Noi e la Giulia: la recensione



noi e la giulia filmQuesto film tratta la storia di un gruppo di disoccupati, tra cui un fascista, un comunista, una svampita tardo hippie e due tipini paurosi e per bene che comprano un casale e decidono di ristrutturarlo per farlo diventare un agriturismo. Ma tutti i loro sogni potrebbero infrangersi per colpa dei mafiosi della zona, allora uno ad uno man mano che si fanno avanti li chiudono in uno scantinato e riescono a realizzare questo sogno di aprire un bellissimo agriturismo. Ma sul più bello, ci sarà però uno sconvolgimento improvviso e i quattro ex disoccupati dovranno fare una scelta e chissà cosa succederà.

 Noi e la Giulia è tratto dal romanzo Giulia 1300 e altri miracoli di Fabio Bartolomei, il regista è Edoardo Leo, gli interpreti scelti sono: lo stesso Leo, Claudio Amendola, Luca Argentero (ex venditore di macchine), Stefano Fresi (ex ristoratore), Carlo Buccirosso (Camorrista) e Anna Foglietta (hippie incinta) loro sono molto bravi, quindi si ride e si riflette ma con grande leggerezza. I personaggi sono tutti dei falliti, in senso sia ideologico che economico, addirittura il camorrista è uno sfigato. Da qui si capisce che il regista Edoardo Leo, non voleva fare un film sulla camorra, ma voleva dire che anche un camorrista di serie B ha diritto ad un’altra opportunità.

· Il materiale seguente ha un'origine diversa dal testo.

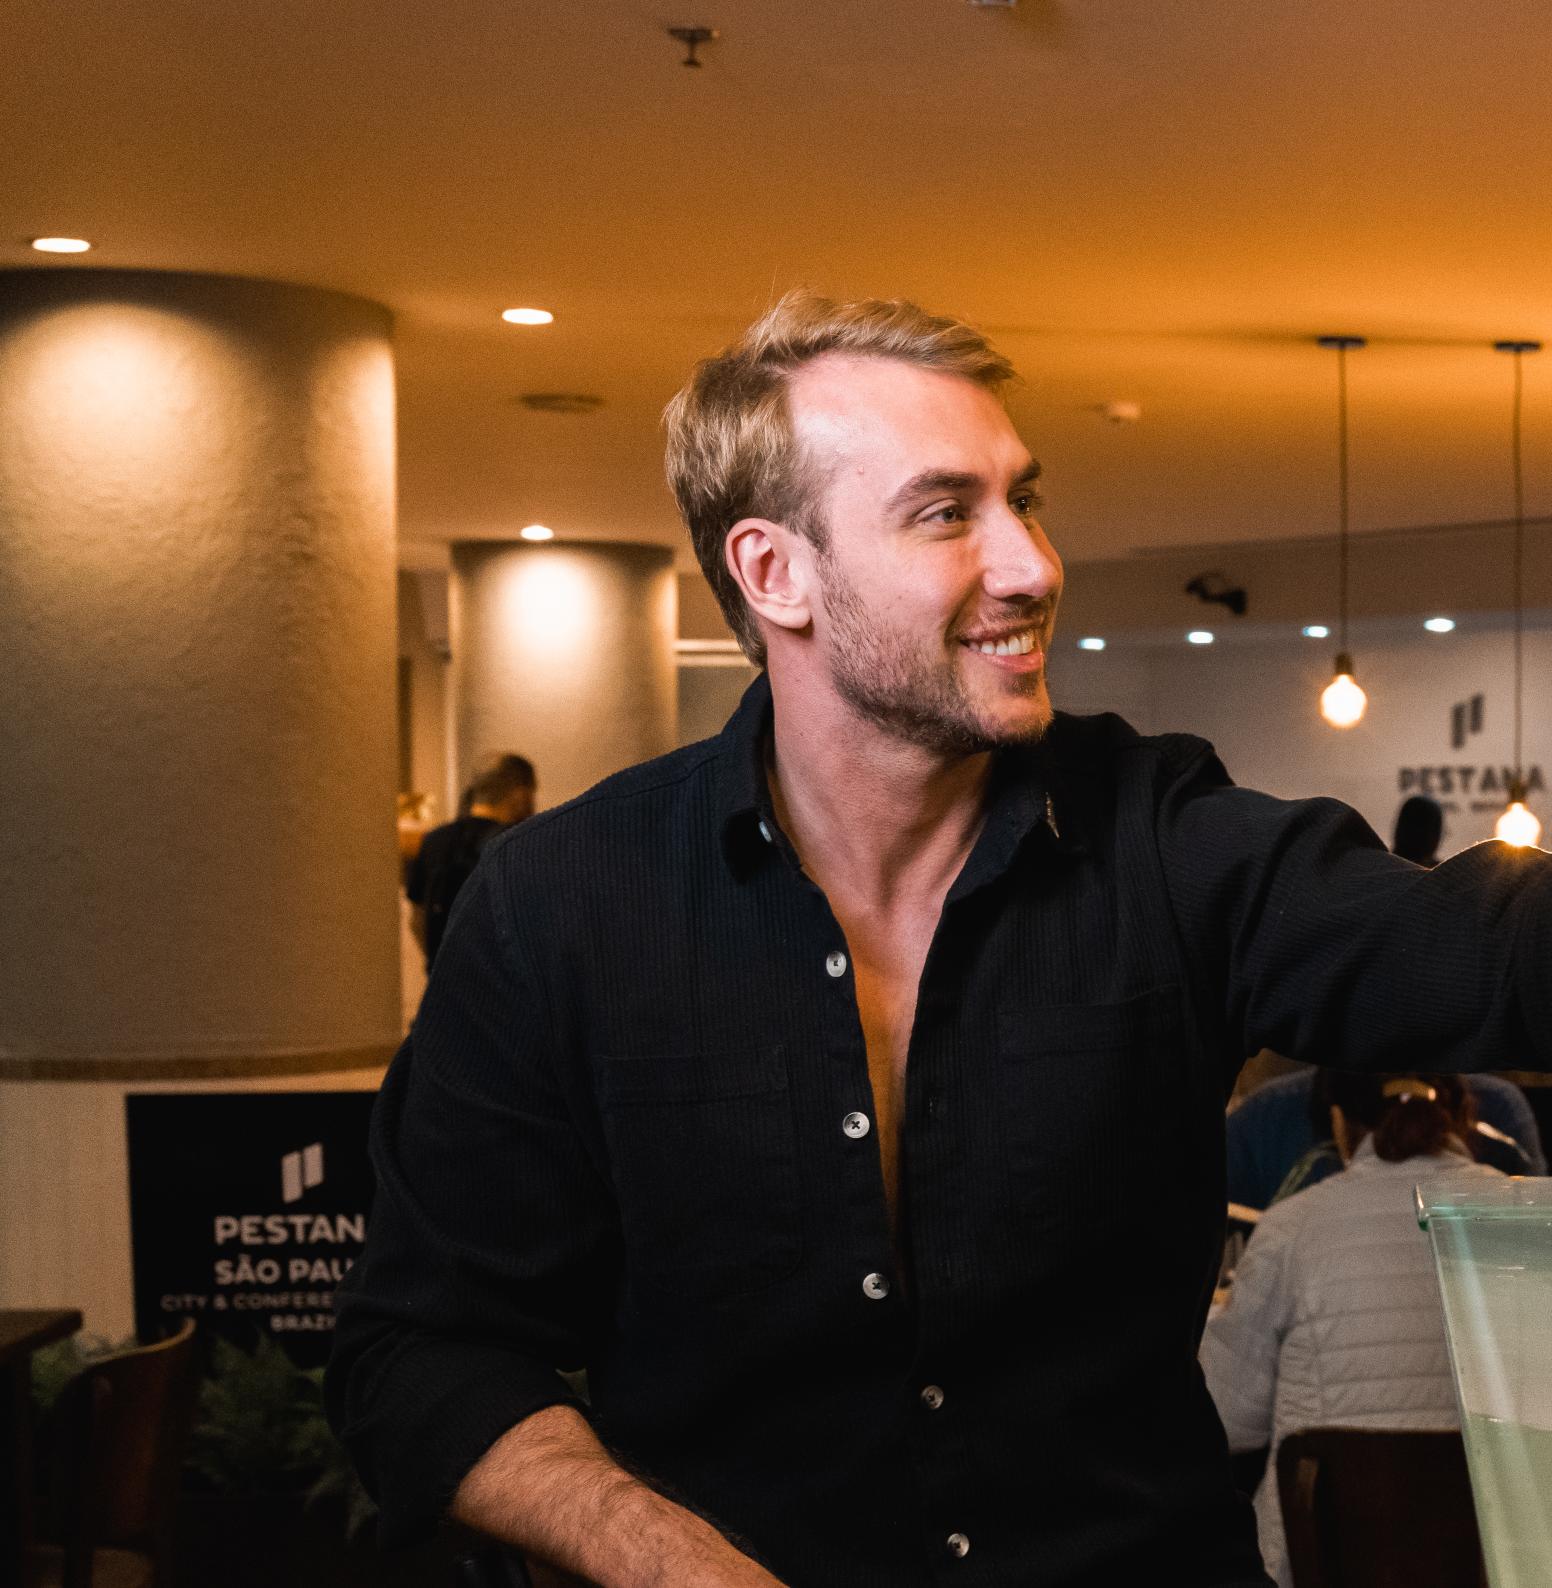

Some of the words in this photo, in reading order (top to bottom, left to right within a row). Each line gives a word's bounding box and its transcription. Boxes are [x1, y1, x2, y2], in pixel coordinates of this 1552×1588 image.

[1398, 764, 1546, 794] PESTANA
[213, 1213, 365, 1246] PESTAN
[213, 1253, 282, 1286] SÃO
[288, 1257, 354, 1284] PAU
[159, 1293, 206, 1312] CITY
[232, 1291, 334, 1311] CONFERE

Il personaggio più importante del film Noi e la Giulia, è sicuramente quello interpretato da Claudio Amendola, un personaggio di sinistra, che descrive un uomo incastrato ideologicamente in un mondo che non esiste più, usa un linguaggio sindacalese e proclama diritti civili a parole ma ha le mani pesanti da picchiatore. Questo film vuole insegnare, che nonostante le grosse difficoltà che si possono incontrare, bisogna sempre andare avanti a testa alta senza arrendersi mai, e bisogna combattere la mafia che purtroppo in Italia dilaga molto e chi ha un attività, spesso è costretto a pagare il pizzo e per paura non dice nulla.